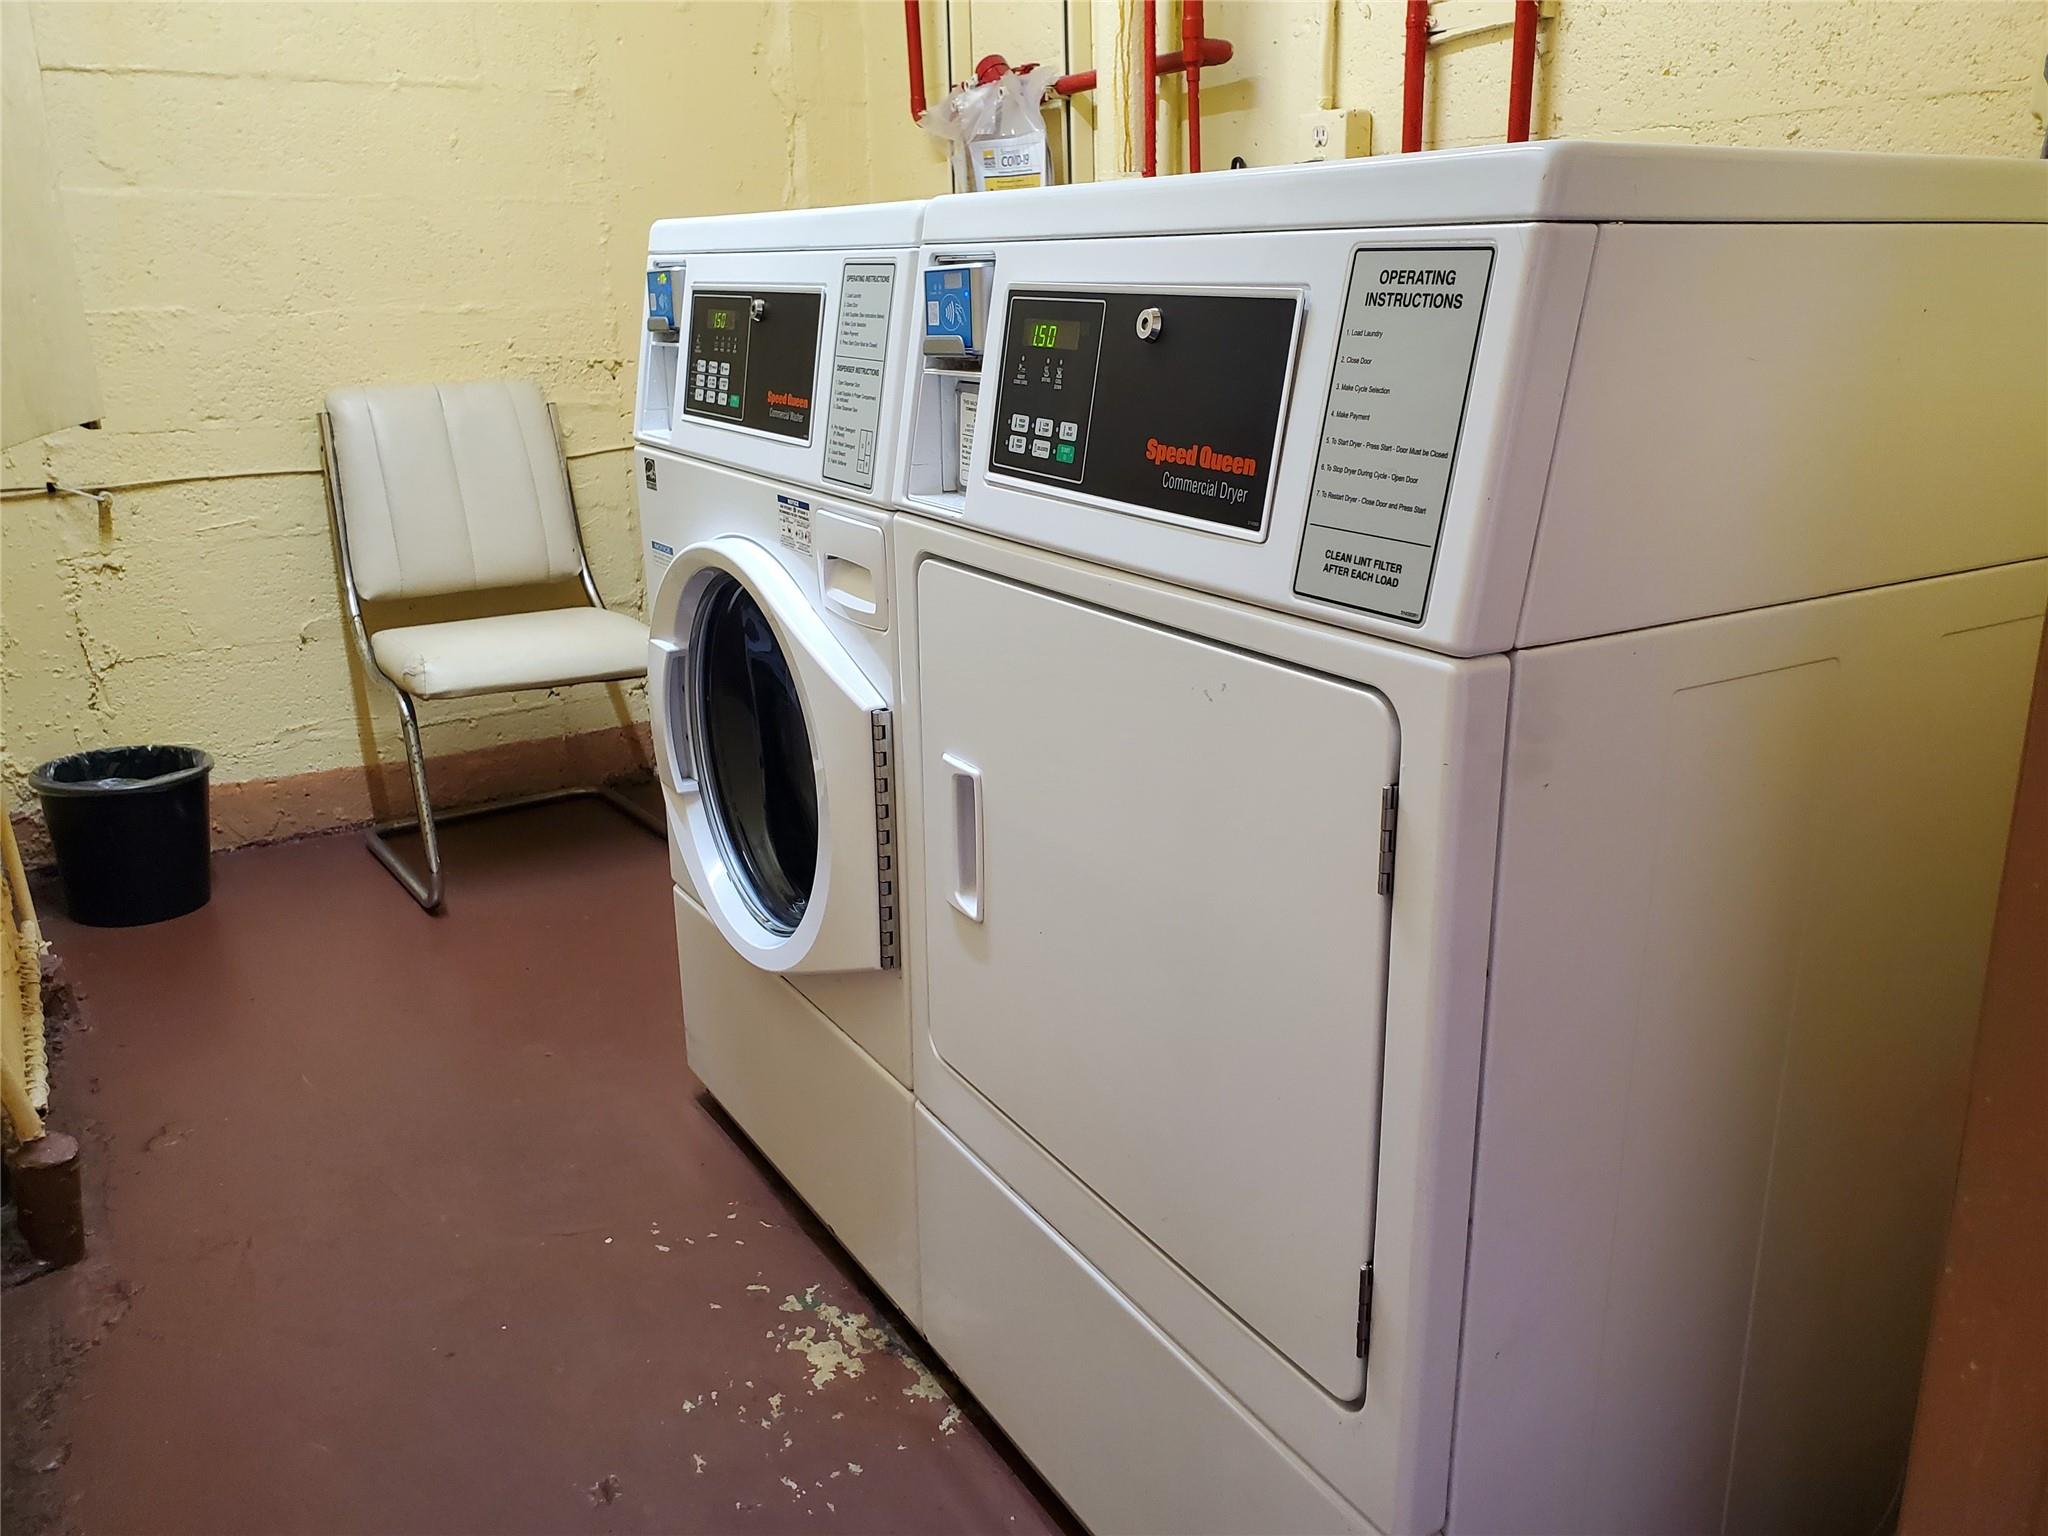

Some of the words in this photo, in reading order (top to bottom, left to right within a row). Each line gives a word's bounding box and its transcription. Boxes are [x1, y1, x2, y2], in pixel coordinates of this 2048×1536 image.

┄┄┄┄┄┄

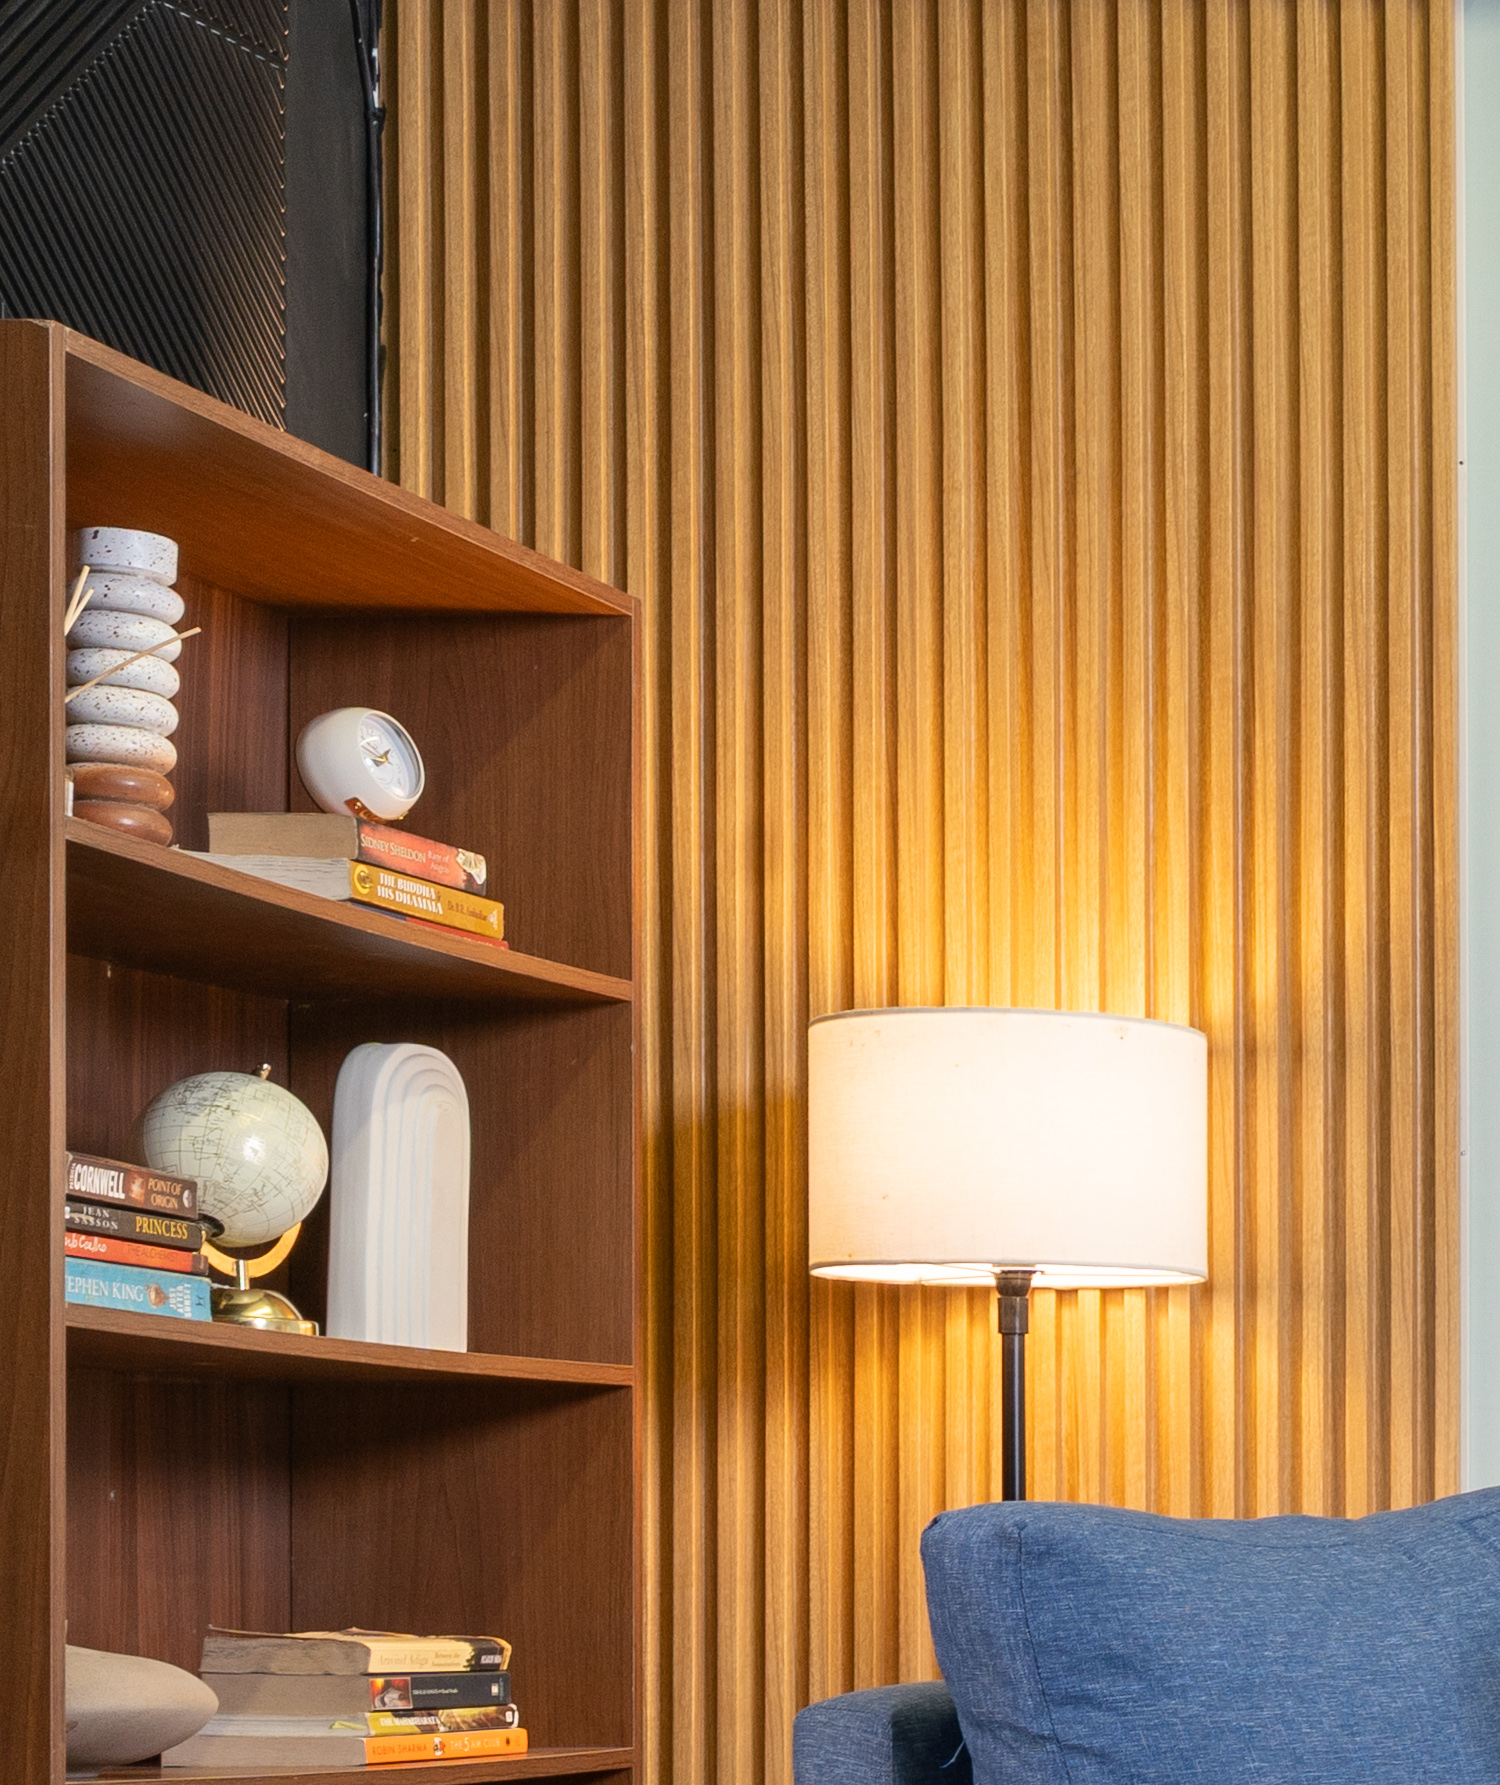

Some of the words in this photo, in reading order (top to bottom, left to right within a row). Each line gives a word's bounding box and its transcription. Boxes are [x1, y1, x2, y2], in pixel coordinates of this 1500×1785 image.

┄┄┄┄┄┄

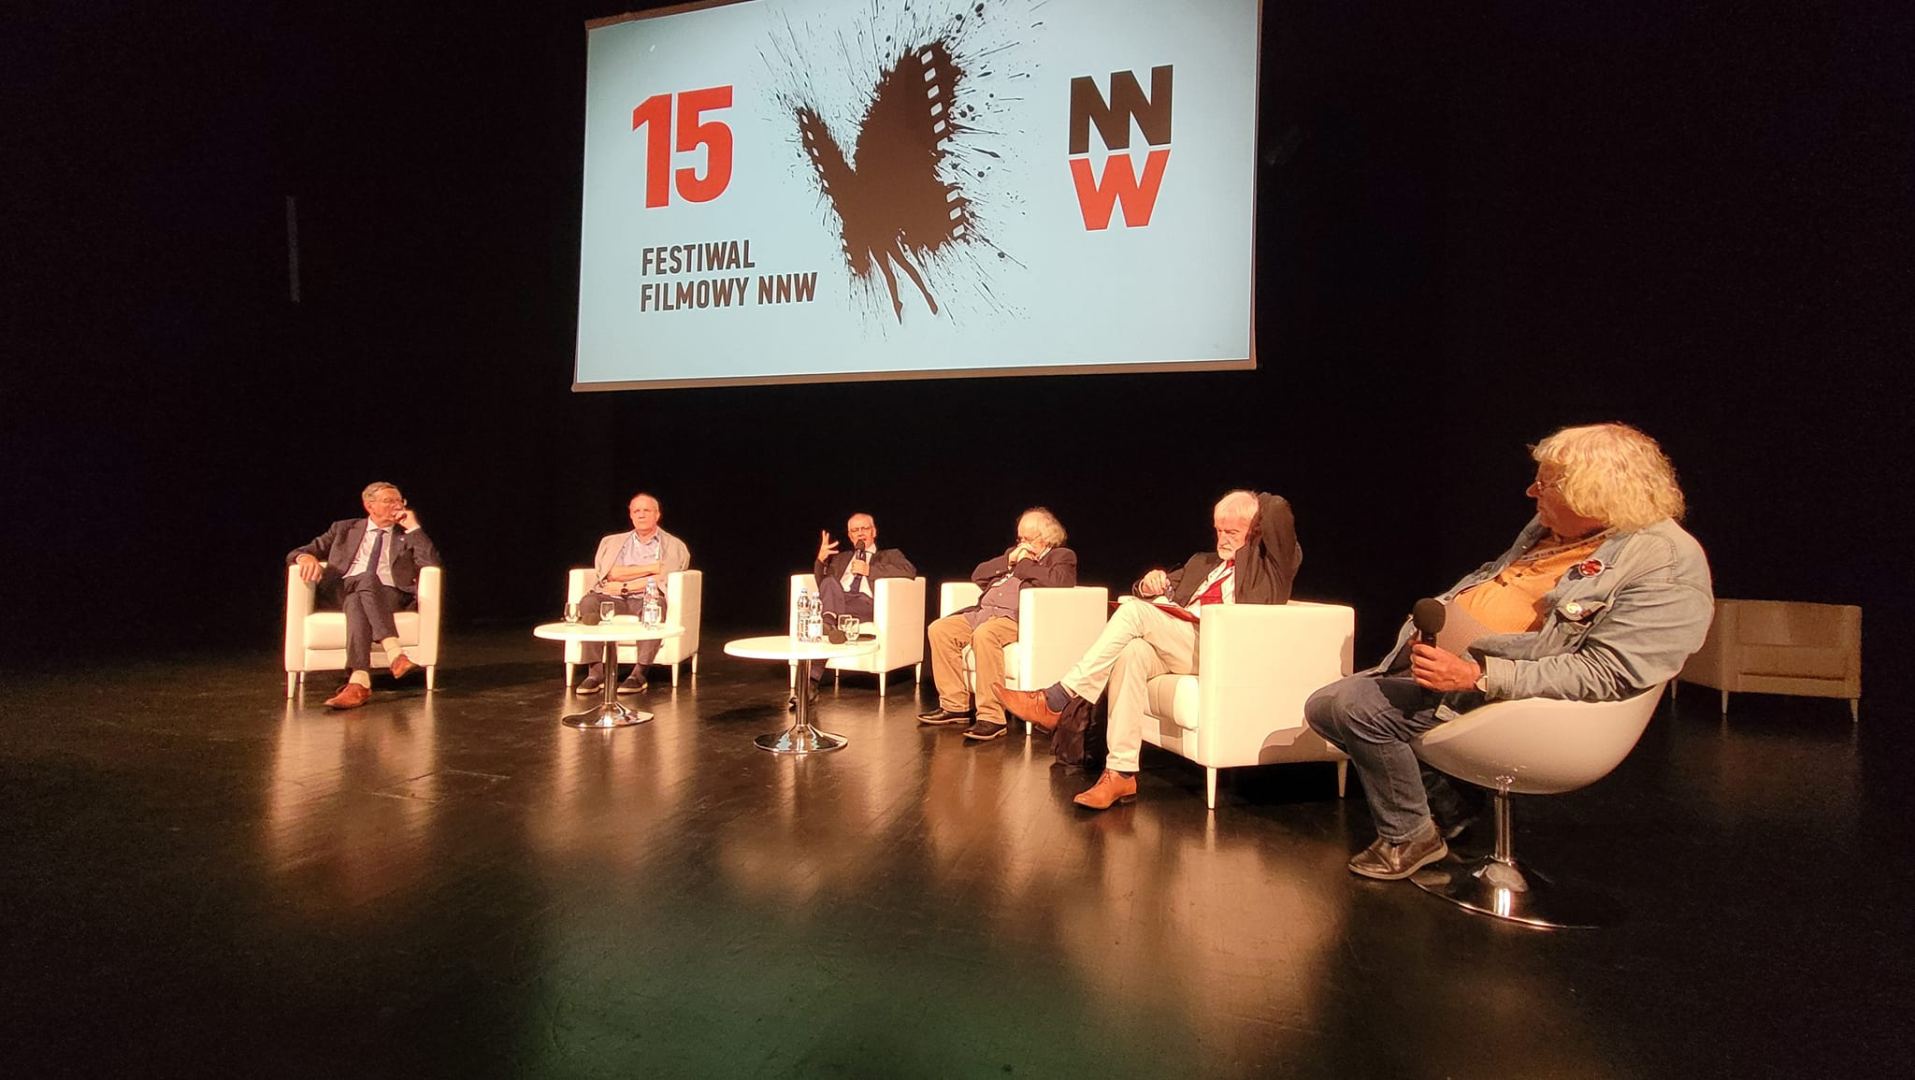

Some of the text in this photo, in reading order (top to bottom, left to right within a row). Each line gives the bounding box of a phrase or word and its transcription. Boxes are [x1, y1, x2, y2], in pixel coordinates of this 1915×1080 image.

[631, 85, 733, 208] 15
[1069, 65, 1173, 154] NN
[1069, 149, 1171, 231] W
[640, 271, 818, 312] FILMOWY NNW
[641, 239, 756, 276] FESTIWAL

┄┄┄┄┄┄

• What is being asked: Show a copy of each line from the data that includes the word "words".

• Exercise answer:
Some of the words in this photo, in reading order (top to bottom, left to right within a row). Each line gives a word's bounding box and its transcription. Boxes are [x1, y1, x2, y2], in pixel coordinates of this 2048×1536 image.
Some of the words in this photo, in reading order (top to bottom, left to right within a row). Each line gives a word's bounding box and its transcription. Boxes are [x1, y1, x2, y2], in pixel coordinates of this 1500×1785 image.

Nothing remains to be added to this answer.